American astronomers from Cornell University have discovered for the first time a cosmic event that could turn into a new type of stellar catastrophe. Observations have shown that a distant star 1 billion light-years from Earth has somehow returned to life after the explosion that killed it. The study was published in the scientific journal magazine Nature.
According to scientists, the object, called AT2022tsd, continued to emit powerful bursts of energy for 120 days, each lasting several minutes and with a power comparable to the initial explosion. The researchers concluded that they were dealing with an extremely rare phenomenon known as a fast blue optical transient (LFBOT). However, the intensity and duration of AT2022tsd bursts were greater than those previously recorded by LFBOT.
“Nobody knew what to say. We’d never seen anything like it in a supernova or LFBOT before—something as fast and bright as the first explosion a few months later.
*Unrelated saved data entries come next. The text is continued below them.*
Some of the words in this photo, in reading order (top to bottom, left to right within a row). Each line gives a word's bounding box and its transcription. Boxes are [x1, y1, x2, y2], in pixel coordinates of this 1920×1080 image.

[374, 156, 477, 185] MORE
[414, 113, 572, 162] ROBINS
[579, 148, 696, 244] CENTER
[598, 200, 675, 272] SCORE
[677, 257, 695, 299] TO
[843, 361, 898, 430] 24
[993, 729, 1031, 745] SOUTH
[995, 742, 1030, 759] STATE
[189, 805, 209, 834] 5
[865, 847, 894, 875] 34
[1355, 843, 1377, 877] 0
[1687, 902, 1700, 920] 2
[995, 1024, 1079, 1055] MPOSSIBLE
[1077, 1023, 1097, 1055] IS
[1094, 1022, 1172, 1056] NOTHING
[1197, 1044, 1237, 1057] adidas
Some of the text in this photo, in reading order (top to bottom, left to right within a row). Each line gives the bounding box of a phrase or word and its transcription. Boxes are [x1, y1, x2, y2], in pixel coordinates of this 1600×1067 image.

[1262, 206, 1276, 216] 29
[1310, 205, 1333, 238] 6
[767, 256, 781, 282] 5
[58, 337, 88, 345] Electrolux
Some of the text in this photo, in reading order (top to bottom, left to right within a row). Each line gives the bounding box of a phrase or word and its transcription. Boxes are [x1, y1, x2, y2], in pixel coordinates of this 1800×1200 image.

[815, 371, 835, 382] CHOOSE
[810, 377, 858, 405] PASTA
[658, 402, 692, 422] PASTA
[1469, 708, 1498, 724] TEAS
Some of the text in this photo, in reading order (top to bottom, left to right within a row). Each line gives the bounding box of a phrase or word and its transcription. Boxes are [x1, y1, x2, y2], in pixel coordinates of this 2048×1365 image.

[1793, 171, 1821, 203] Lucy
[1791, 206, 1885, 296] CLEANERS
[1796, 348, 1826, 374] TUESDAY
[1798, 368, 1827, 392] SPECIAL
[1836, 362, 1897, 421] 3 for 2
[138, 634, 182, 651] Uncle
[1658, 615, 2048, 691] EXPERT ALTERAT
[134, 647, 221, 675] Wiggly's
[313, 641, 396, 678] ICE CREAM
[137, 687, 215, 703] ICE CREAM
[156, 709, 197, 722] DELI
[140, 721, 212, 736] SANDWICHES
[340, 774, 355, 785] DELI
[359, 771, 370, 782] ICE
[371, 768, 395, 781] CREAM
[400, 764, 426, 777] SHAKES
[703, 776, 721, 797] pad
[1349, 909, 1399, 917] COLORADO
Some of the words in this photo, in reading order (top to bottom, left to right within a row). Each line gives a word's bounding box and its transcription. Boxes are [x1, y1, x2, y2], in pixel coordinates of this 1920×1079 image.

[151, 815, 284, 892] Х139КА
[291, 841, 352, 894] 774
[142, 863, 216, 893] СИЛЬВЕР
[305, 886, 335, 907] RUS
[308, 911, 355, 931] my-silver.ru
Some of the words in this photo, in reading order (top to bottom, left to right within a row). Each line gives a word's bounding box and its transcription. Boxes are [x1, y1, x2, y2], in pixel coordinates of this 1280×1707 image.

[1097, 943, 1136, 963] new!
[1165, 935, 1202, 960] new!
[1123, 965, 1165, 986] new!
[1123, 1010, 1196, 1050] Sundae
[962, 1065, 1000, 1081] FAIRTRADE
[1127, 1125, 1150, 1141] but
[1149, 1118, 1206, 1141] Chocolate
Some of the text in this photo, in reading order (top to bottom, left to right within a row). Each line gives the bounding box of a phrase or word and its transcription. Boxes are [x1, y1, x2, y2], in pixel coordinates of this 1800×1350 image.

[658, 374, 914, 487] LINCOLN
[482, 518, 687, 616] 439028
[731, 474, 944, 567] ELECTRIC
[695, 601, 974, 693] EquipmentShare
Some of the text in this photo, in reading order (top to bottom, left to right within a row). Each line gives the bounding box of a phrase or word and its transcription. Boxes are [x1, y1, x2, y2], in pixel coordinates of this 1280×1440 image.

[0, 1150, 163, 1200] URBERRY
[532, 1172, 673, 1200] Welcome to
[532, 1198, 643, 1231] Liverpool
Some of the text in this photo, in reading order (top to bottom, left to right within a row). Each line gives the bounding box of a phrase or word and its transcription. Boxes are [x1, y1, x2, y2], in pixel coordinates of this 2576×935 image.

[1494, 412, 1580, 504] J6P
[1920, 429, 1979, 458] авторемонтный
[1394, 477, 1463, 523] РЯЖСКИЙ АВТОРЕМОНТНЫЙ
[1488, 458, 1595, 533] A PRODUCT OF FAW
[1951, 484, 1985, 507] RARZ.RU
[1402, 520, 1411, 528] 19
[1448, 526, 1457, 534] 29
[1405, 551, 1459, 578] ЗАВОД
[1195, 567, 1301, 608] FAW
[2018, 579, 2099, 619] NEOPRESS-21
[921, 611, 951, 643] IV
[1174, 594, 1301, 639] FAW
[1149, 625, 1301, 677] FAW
Surprisingly, instead of fading out as expected, the source briefly brightened again. This “It happened over and over again. LFBOTs themselves are an exotic phenomenon, so this was even weirder,” says the study’s lead author, Anna Ho.
Astronomers aim to find out exactly what causes such unusual behavior of the exploding star. They suspect that the source of the emissions may be a nearby black hole whose magnetic field directs jets of remaining matter from the star.
Earlier astronomers I learnedWhether the solar system is threatened by the visit of a wandering star in 29 thousand years.